==== Study material ====
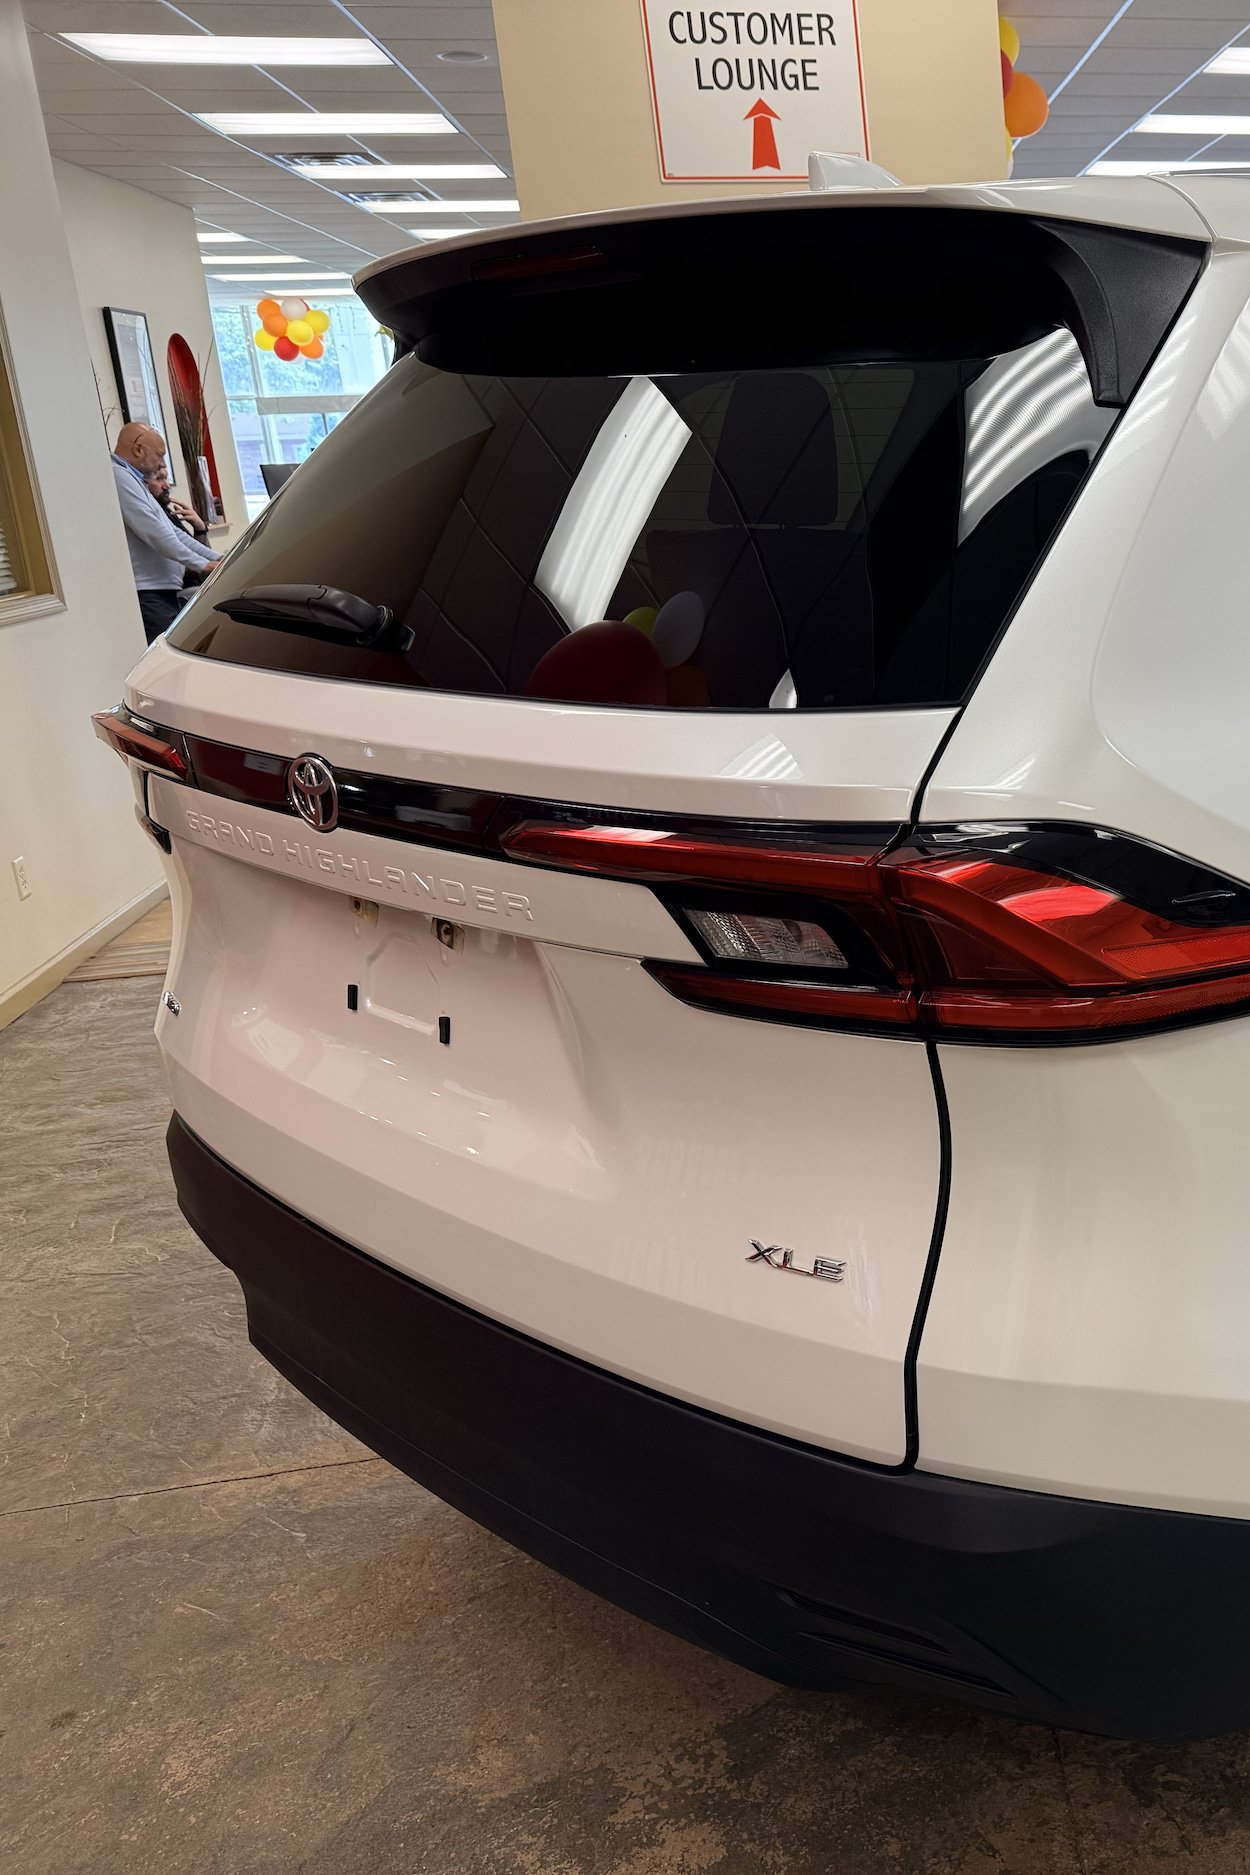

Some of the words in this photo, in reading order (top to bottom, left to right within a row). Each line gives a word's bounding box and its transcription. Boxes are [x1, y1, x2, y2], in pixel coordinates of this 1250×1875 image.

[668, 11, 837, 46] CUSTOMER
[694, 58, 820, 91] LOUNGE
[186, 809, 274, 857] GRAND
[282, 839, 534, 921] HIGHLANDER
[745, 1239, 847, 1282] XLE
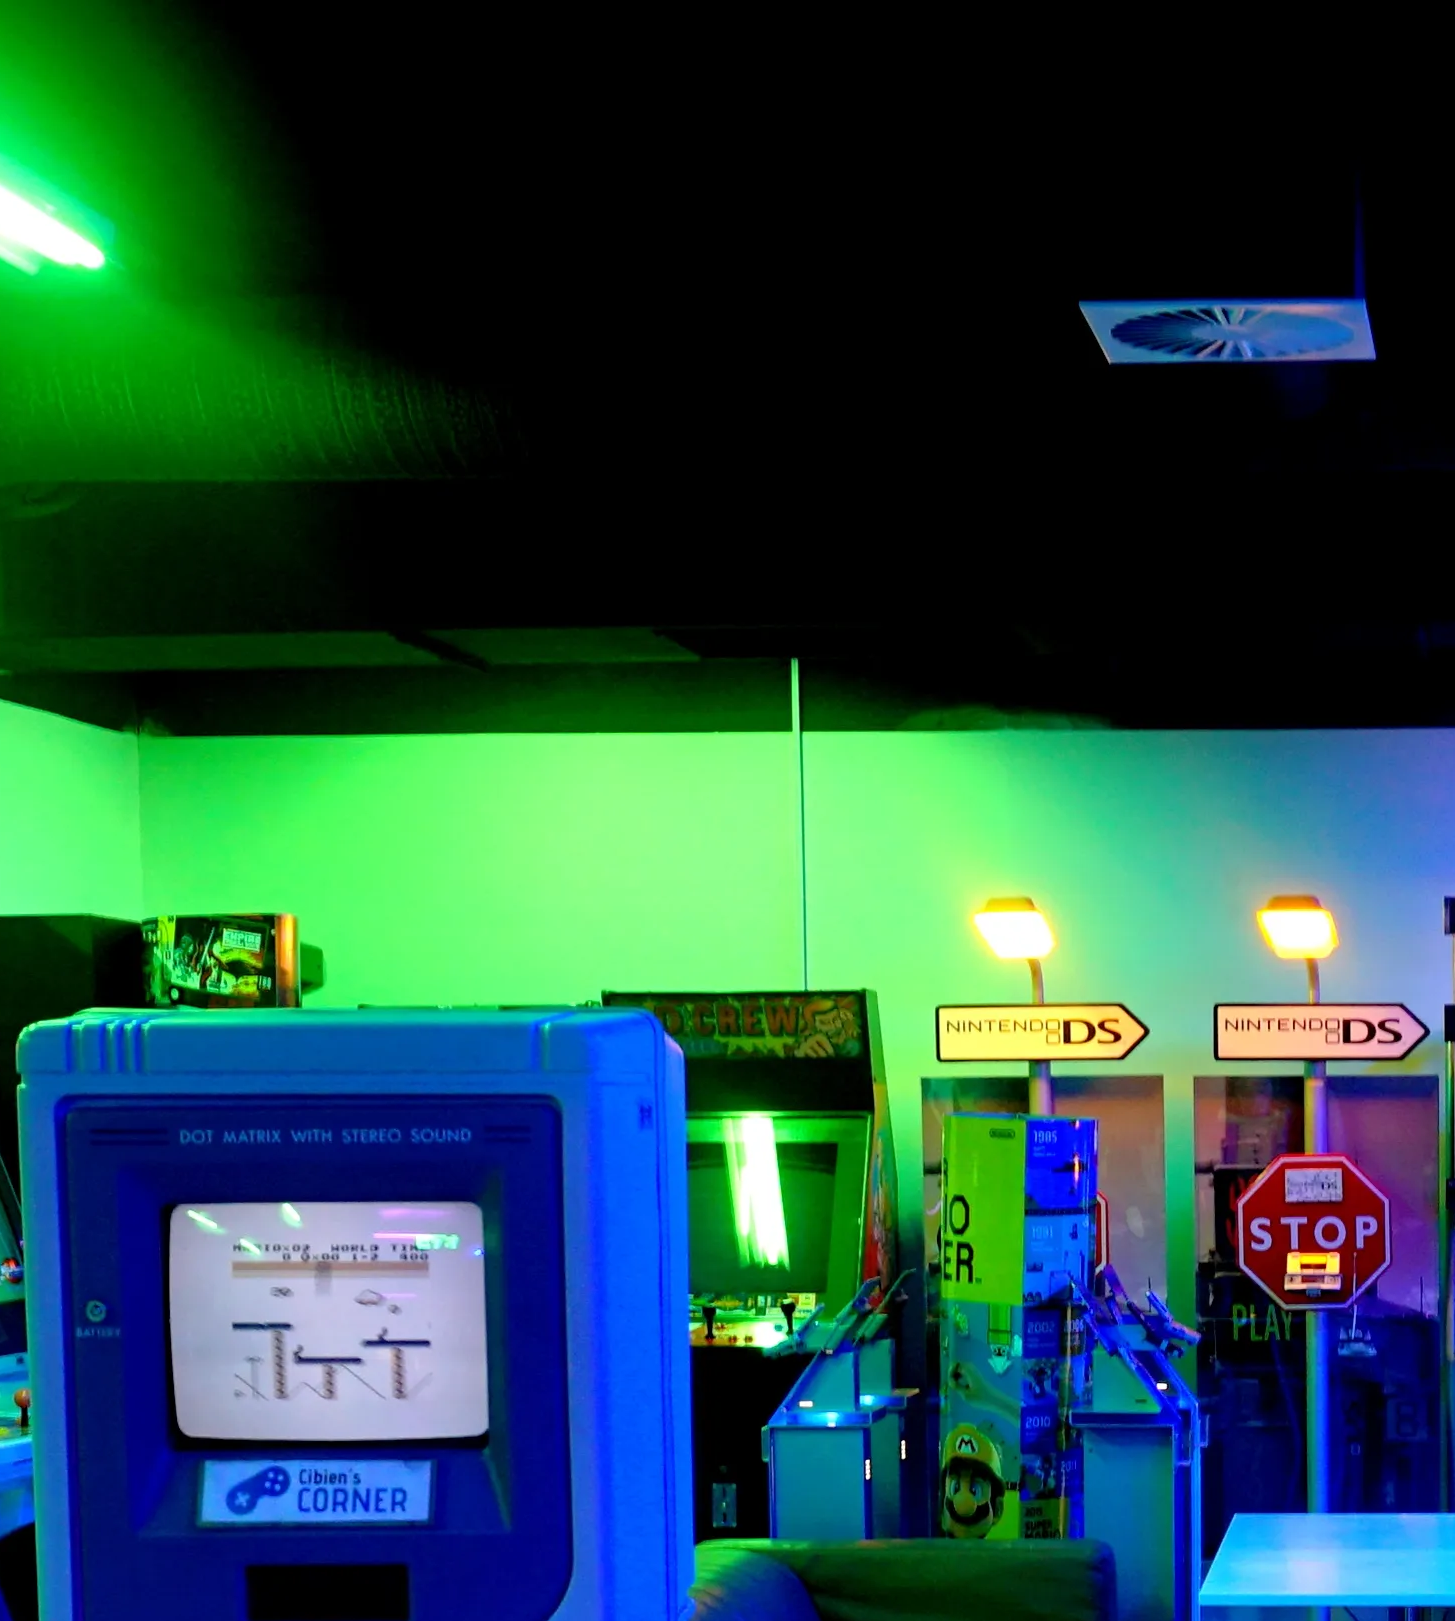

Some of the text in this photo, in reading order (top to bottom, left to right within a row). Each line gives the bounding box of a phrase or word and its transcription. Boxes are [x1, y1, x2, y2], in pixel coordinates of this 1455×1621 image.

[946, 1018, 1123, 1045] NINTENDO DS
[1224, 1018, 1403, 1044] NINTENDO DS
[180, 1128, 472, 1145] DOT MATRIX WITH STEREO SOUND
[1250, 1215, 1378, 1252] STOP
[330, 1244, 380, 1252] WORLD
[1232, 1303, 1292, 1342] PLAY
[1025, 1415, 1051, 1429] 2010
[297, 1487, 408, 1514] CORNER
====
### Requirement
The entries above need to be transcribed exactly, with the images left out.

### Output of the exercise
Some of the words in this photo, in reading order (top to bottom, left to right within a row). Each line gives a word's bounding box and its transcription. Boxes are [x1, y1, x2, y2], in pixel coordinates of this 1250×1875 image.

[668, 11, 837, 46] CUSTOMER
[694, 58, 820, 91] LOUNGE
[186, 809, 274, 857] GRAND
[282, 839, 534, 921] HIGHLANDER
[745, 1239, 847, 1282] XLE

Some of the text in this photo, in reading order (top to bottom, left to right within a row). Each line gives the bounding box of a phrase or word and its transcription. Boxes are [x1, y1, x2, y2], in pixel coordinates of this 1455×1621 image.

[946, 1018, 1123, 1045] NINTENDO DS
[1224, 1018, 1403, 1044] NINTENDO DS
[180, 1128, 472, 1145] DOT MATRIX WITH STEREO SOUND
[1250, 1215, 1378, 1252] STOP
[330, 1244, 380, 1252] WORLD
[1232, 1303, 1292, 1342] PLAY
[1025, 1415, 1051, 1429] 2010
[297, 1487, 408, 1514] CORNER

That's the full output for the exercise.